Dataset items:

Start of Block

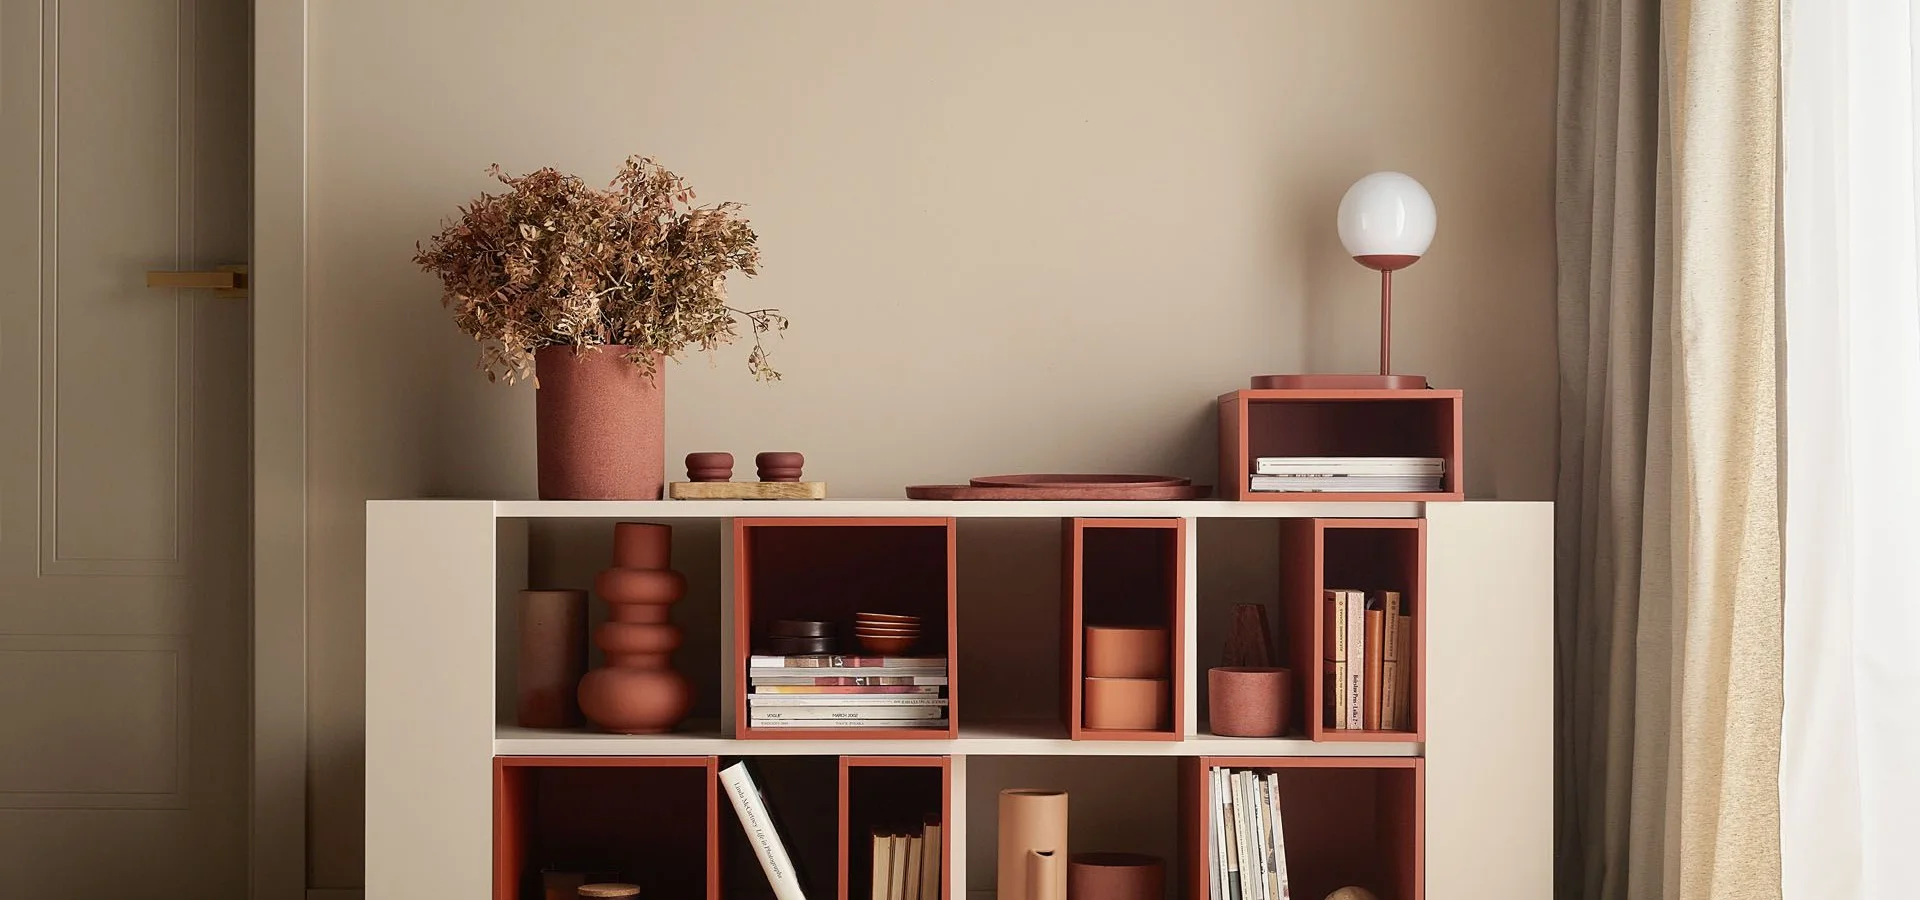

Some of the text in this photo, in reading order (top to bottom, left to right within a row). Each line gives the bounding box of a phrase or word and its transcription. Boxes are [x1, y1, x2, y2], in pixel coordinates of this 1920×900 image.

[734, 782, 744, 799] Linda
[742, 798, 757, 827] McCartney
[756, 828, 764, 840] Life
[764, 844, 782, 879] Photographs
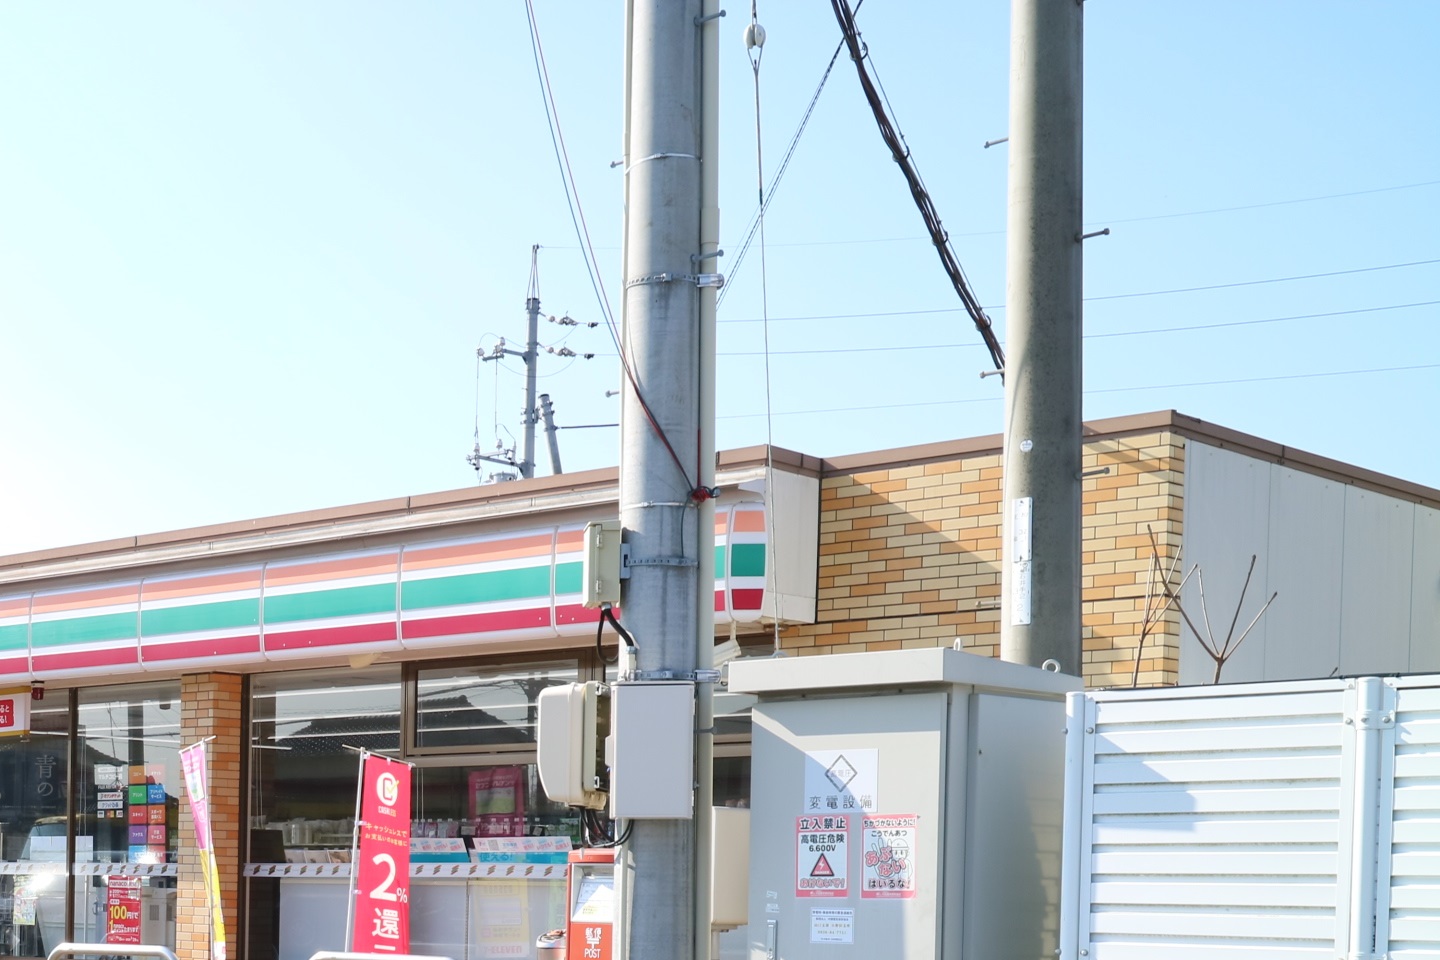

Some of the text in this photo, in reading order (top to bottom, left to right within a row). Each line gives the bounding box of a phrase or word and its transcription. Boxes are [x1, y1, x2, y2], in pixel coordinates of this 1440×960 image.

End of Block

Full copy, no pictures: write out each line of the data exactly as it stands.

### Response to the exercise:
Some of the text in this photo, in reading order (top to bottom, left to right within a row). Each line gives the bounding box of a phrase or word and its transcription. Boxes are [x1, y1, x2, y2], in pixel coordinates of this 1920×900 image.

[734, 782, 744, 799] Linda
[742, 798, 757, 827] McCartney
[756, 828, 764, 840] Life
[764, 844, 782, 879] Photographs

Some of the text in this photo, in reading order (top to bottom, left to right within a row). Each line gives the bounding box of a phrase or word and its transcription. Boxes are [x1, y1, x2, y2], in pixel coordinates of this 1440×960 image.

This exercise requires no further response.